Honey Bees, Stewardship, and the Honey Hut

A Natural Approach to Beekeeping on a Regenerative Homestead

Out here on our regenerative nursery homestead in Central New York, we do not think of ourselves simply as “beekeepers.” We think of ourselves as bee stewards.

That distinction matters.

A beekeeper often manages bees primarily for production — maximizing honey yields, splitting colonies, medicating hives, feeding sugar syrup, and controlling the colony much like livestock. While many responsible beekeepers care deeply about their bees, our philosophy takes a somewhat different path.

We see honey bees as part of a much larger ecological system. They are not separate from the land, the trees, the flowers, the fungi, the soil, the birds, or the water cycles. They are woven into the living fabric of the homestead itself. Our role is not to dominate that system, but to support it, protect it, and learn from it.

The bees are not here simply to produce honey for us. They are here because a healthy permaculture system depends upon pollinators, biodiversity, and balance.

The honey is simply a gift that may result from good stewardship.


Our History with Bees

We have been keeping bees here at Mindful Living Sanctuary for many years. Over that time, we have learned far more from the bees than we have ever taught them. We currently manage several Warré hive colonies, and that number grows and changes as the seasons and the bees themselves dictate.

Long before we established our existing apiary, I spent years responding to calls from homeowners across the area who had bee colonies establishing themselves inside walls, ceilings, barns, and outbuildings. Those experiences gave me a deep appreciation for bees' ingenuity and shaped much of how we approach stewardship today. Bees are not problems to be solved. They are communities to be respected.
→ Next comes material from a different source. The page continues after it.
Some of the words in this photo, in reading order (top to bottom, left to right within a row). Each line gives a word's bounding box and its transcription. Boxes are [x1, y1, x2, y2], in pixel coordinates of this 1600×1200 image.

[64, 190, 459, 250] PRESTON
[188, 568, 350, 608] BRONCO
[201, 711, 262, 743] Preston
The Ancient Relationship Between Honey Bees and Nature

Honey bees have existed for millions of years. Long before modern agriculture, pesticides, highways, lawns, and suburban development, bees were already pollinating forests, meadows, and wild landscapes.

Honey bees evolved alongside flowering plants in one of nature’s most remarkable partnerships. Flowers provide nectar and pollen for bees, while bees transfer pollen from bloom to bloom, allowing plants to reproduce. Entire ecosystems depend upon this relationship.
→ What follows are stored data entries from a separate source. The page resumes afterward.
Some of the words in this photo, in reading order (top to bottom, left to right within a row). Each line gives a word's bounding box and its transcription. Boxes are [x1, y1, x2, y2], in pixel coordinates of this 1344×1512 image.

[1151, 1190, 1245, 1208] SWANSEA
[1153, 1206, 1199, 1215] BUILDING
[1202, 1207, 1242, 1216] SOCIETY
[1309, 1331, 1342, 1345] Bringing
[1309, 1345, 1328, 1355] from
Without pollinators, many fruits, nuts, berries, vegetables, and wild plants would struggle to reproduce successfully. Much of the food we eat — apples, cherries, blueberries, squash, cucumbers, nuts, and countless other crops — depends heavily on pollination.

But beyond agriculture, bees help sustain biodiversity itself. Every blossom pollinated contributes to seeds, fruits, and habitat that feed birds, mammals, insects, and countless other species.
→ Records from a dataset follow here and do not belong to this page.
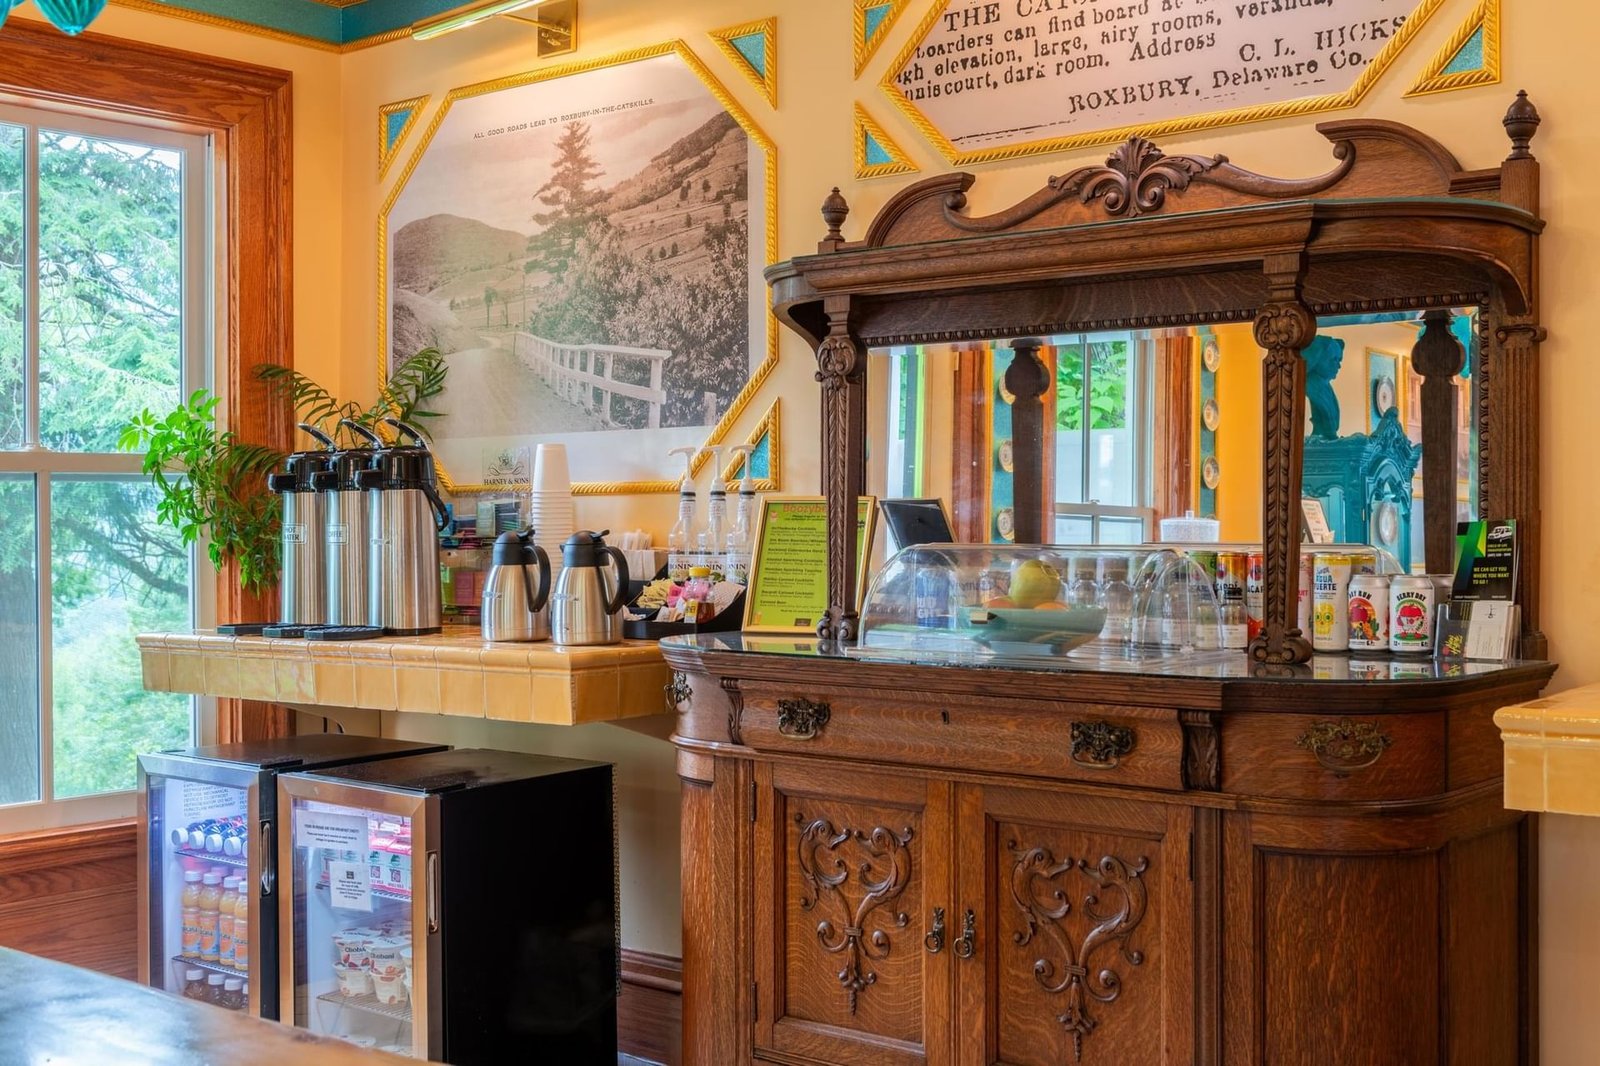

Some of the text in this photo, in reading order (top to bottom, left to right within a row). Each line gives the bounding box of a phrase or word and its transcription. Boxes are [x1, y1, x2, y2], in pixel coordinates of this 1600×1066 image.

[944, 3, 1000, 32] THE
[1004, 25, 1036, 42] can
[1049, 10, 1085, 35] find
[1093, 0, 1149, 25] board
[935, 48, 1022, 77] elevation,
[1034, 36, 1088, 58] large,
[1100, 25, 1139, 45] airy
[1152, 10, 1222, 35] rooms,
[1238, 43, 1261, 62] C.
[1274, 38, 1296, 57] L.
[944, 71, 999, 96] court,
[1004, 62, 1046, 84] dark
[1056, 53, 1110, 76] room.
[1129, 32, 1216, 61] Address
[1068, 76, 1200, 114] ROXBURY,
[1212, 59, 1319, 89] Delaware
[473, 132, 485, 140] ALL
[487, 128, 505, 137] GOOD
[507, 123, 528, 132] ROADS
[530, 119, 546, 128] LEAD
[483, 478, 507, 486] HARNEY
[514, 477, 529, 485] SONS
Honey bees are not separate from nature.

They are nature.


Understanding the Honey Bee Colony

A honey bee colony is not simply a collection of insects. In many ways, it functions as a single living organism. Each bee has a role to play.

The Queen

The queen bee is the mother of the colony. Her primary purpose is to lay eggs and produce pheromones that help regulate colony behavior and cohesion. Under healthy conditions, a queen may lay thousands of eggs per day during peak season.

Worker Bees

Worker bees are all female. They perform nearly every task within the hive:

  • Cleaning cells

  • Feeding larvae

  • Producing wax

  • Building comb

  • Guarding the entrance

  • Regulating hive temperature

  • Gathering nectar, pollen, propolis, and water


As worker bees age, their responsibilities change. Young workers typically care for brood and hive maintenance, while older workers become foragers flying out into the landscape.

Drones

Drones are male bees whose primary purpose is mating with queens from other colonies. They do not forage or defend the hive. During times of scarcity, drones are often expelled from the colony before winter to conserve resources.


The Life Cycle of a Bee

Honey bees undergo complete metamorphosis through four stages: egg, larva, pupa, and adult bee. The timing differs between queens, workers, and drones. Queens develop fastest, emerging in approximately 16 days. Workers take about 21 days. Drones require the most time at around 24 days. This extraordinary reproductive system allows colonies to rapidly adapt to changing seasonal conditions.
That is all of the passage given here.